A major international energy body has warned that efforts to blend hydrogen into mains gas supplies could be costly and impractical, and push up household energy costs for minimal emissions reduction.
The new report from the International Renewable Energy Agency (IRENA) warns that blending hydrogen in mains gas networks is a complicated way of cutting household emissions and would likely cost more than $US500 per tonne of emissions abated.
The findings suggest that the use of hydrogen in residential appliances like stove-tops and water heating would be prohibitively expensive, and electrification could serve as a cheaper path to cutting emissions.
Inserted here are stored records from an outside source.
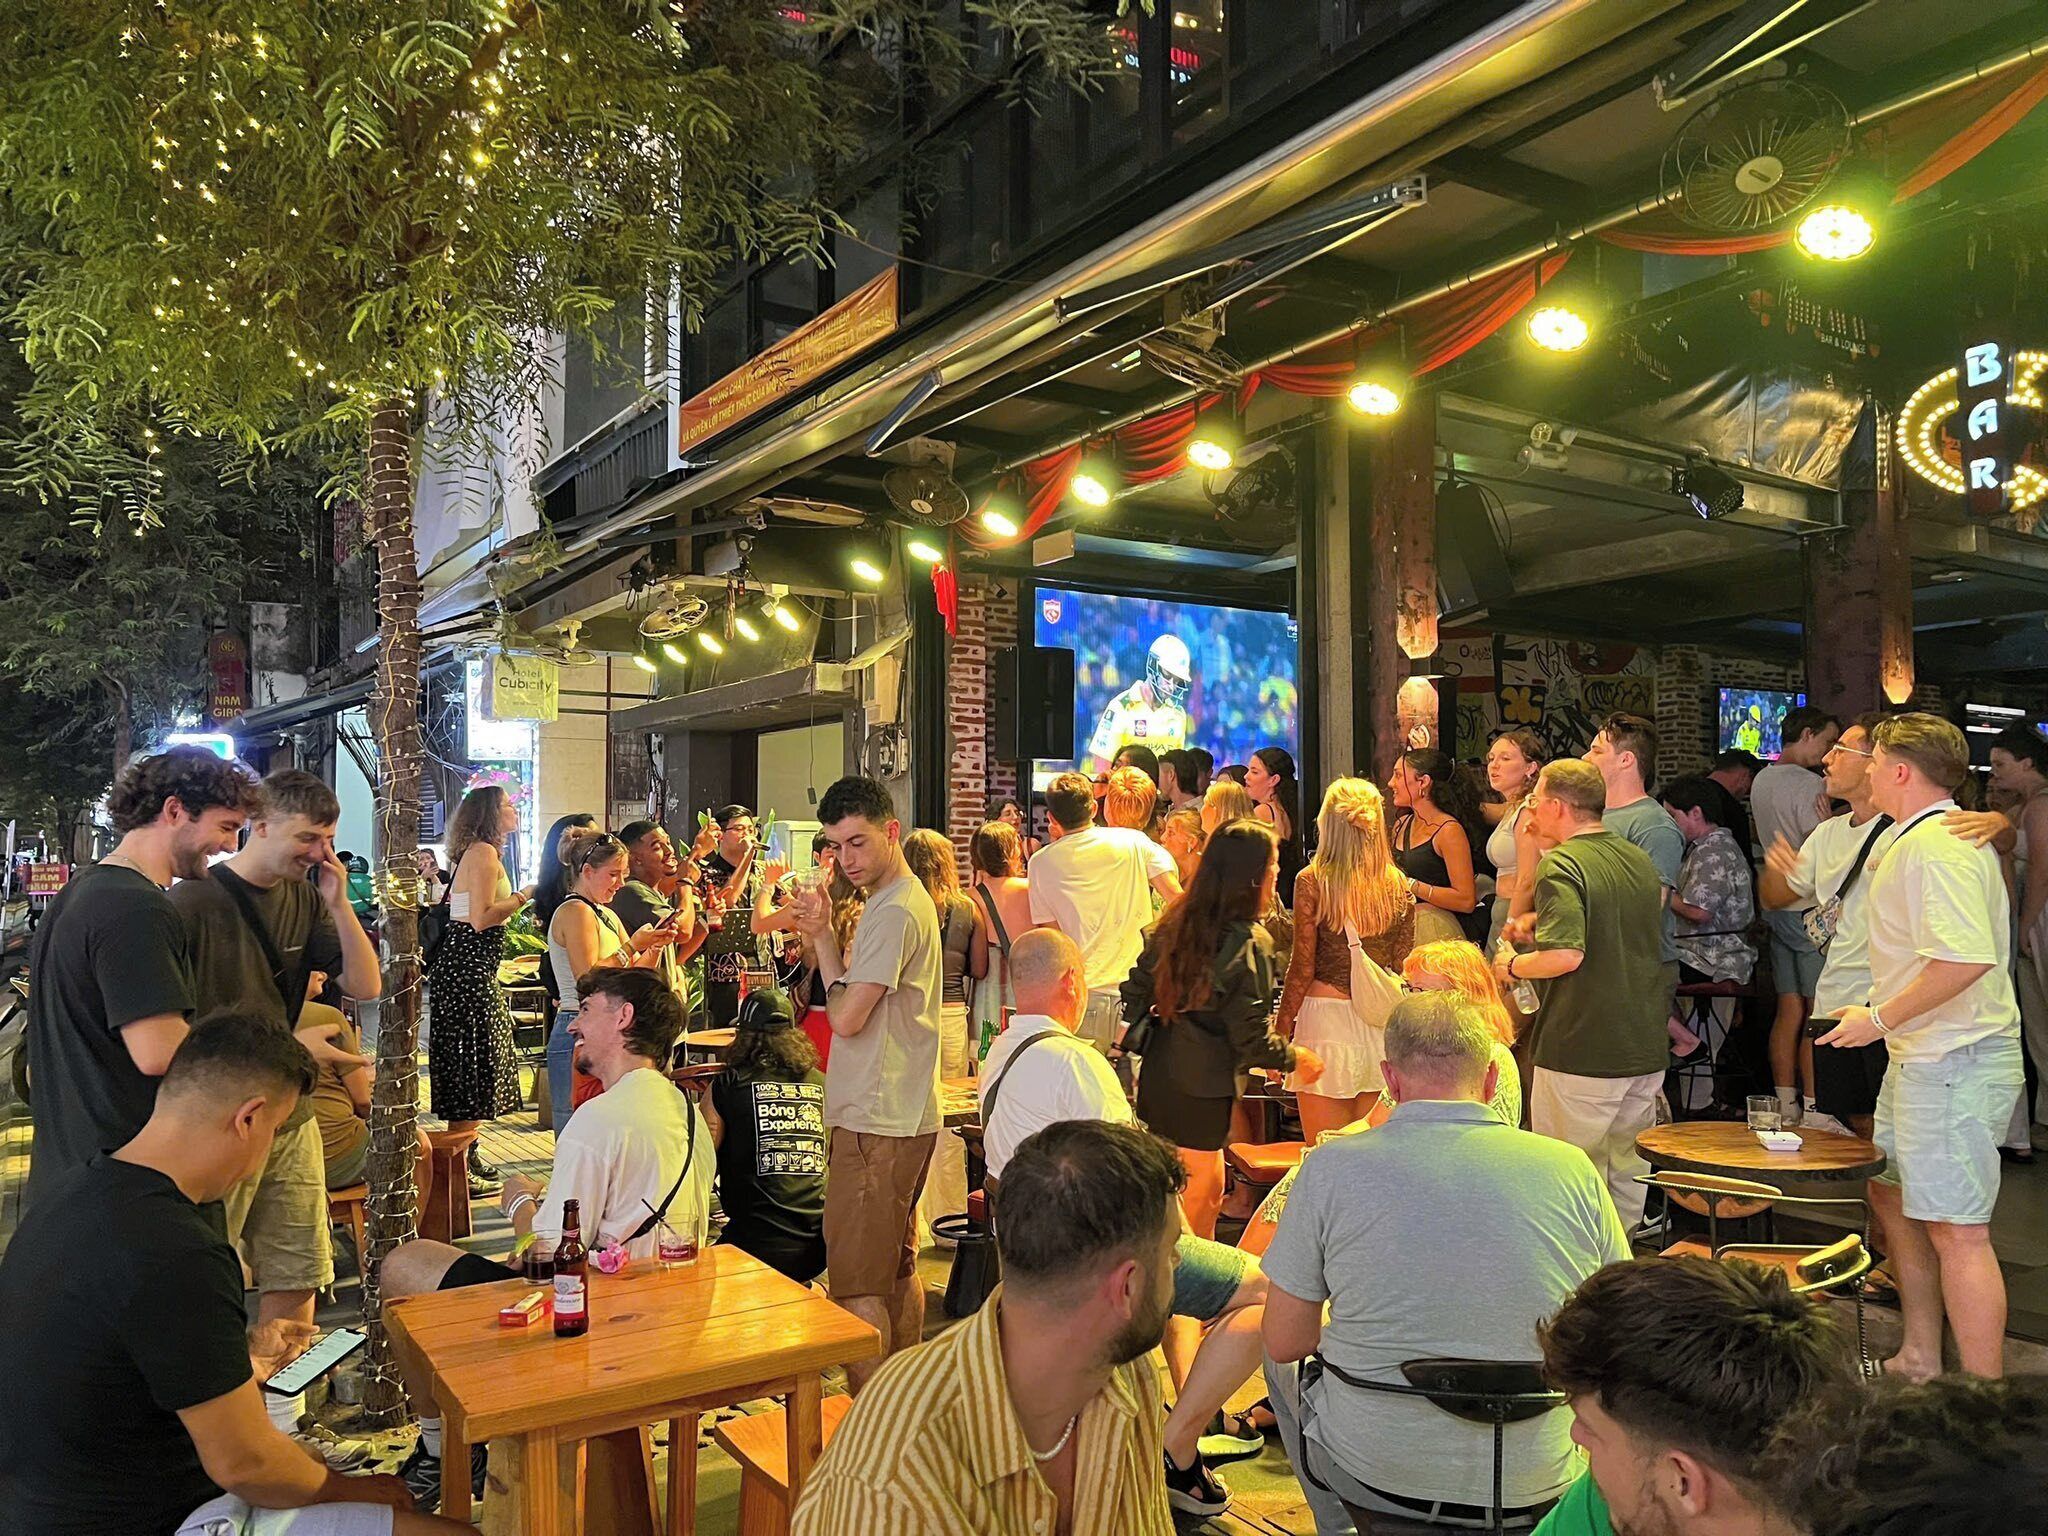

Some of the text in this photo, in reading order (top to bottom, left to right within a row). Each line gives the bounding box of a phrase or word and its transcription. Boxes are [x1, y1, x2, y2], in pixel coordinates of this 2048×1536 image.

[1821, 333, 1833, 345] BAR
[1965, 342, 2002, 489] BAR
[513, 669, 541, 677] Hotel
[499, 677, 551, 693] Cubicity
[214, 695, 241, 706] NAM
[755, 1083, 779, 1092] 100%
[758, 1103, 795, 1119] Bông
[759, 1118, 823, 1133] Experience
While the exact abatement cost would depend both on the cost to produce hydrogen and the prevailing market price for fossil gas, even dramatic reductions in the cost of hydrogen would still likely see the effective abatement cost exceed $US200 per tonne.
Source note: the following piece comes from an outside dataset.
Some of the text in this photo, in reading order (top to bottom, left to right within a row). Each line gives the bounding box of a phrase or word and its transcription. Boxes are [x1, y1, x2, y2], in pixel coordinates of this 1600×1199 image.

“Blending leads to limited CO2 benefits and to a large increase in energy cost,” the IRENA report says. “This translates into a very high cost of mitigating the GHG emissions of natural gas. Given the current production cost for renewable hydrogen, the cost may be above US$500/tCO2 for most gas prices.”
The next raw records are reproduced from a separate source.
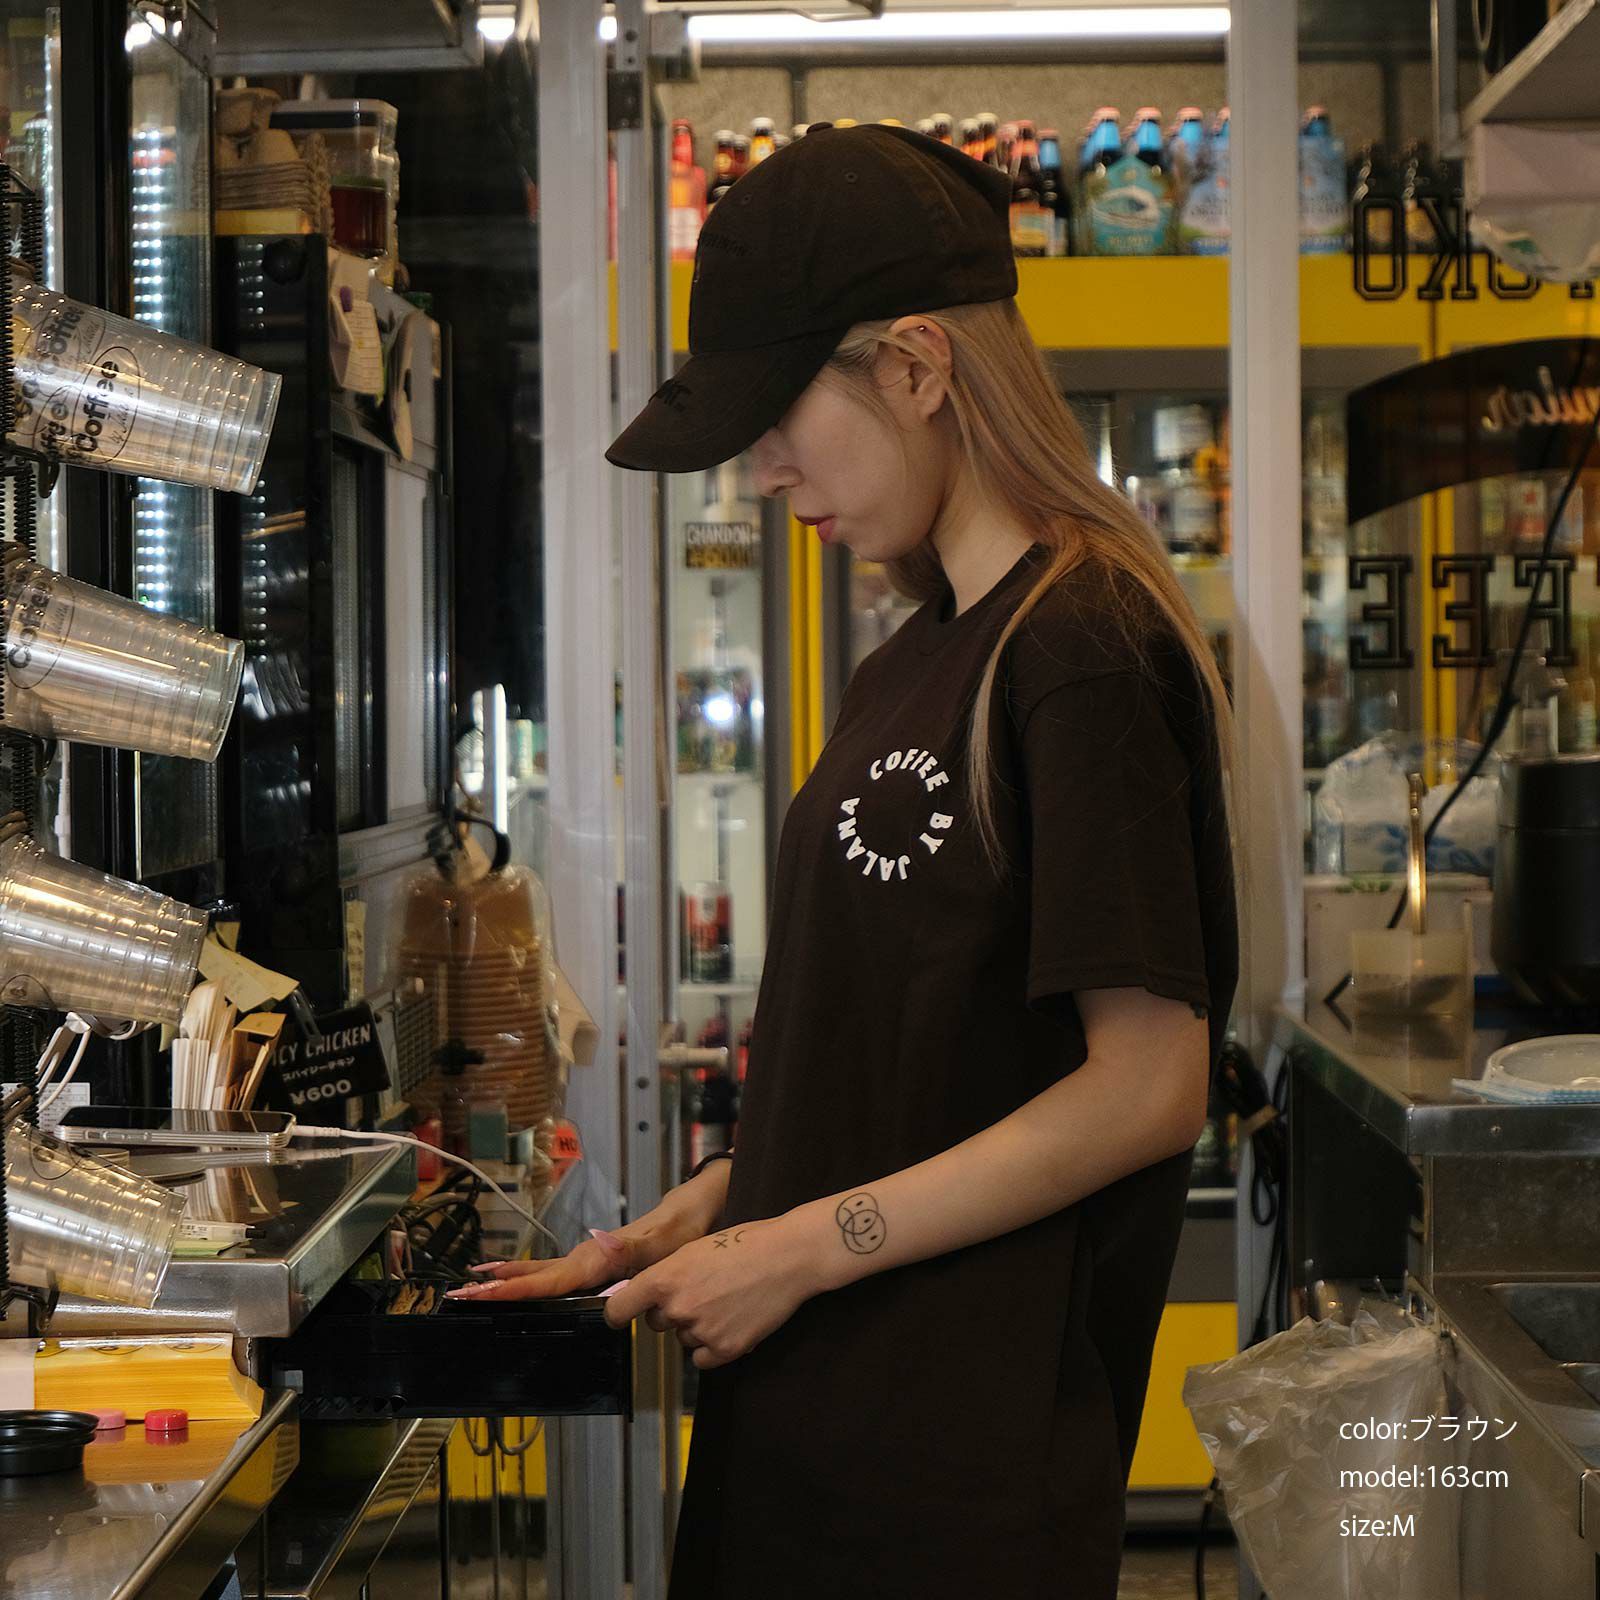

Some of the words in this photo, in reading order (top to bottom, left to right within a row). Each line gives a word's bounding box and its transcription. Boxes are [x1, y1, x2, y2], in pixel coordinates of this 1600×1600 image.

[75, 360, 120, 452] Coffee
[870, 748, 950, 792] COFFEE
[837, 797, 911, 882] JALANA
[919, 812, 954, 855] BY
[272, 1042, 298, 1066] ICY
[305, 1023, 371, 1058] CHICKEN
The findings suggest that hydrogen may never be able to play a major role in the decarbonisation of residential energy use, given technical limitations on the amount of hydrogen that can be blended in the mains gas supply and the comparatively higher costs.
Several Australian gas suppliers are currently trialing small volumes of hydrogen blending to demonstrate that existing gas infrastructure can be adapted for zero emissions energy supplies. But critics of such trials have argued that hydrogen blending has minimal potential to cut emissions, and they are largely being undertaken as a way of delaying the phase out of fossil gas use altogether.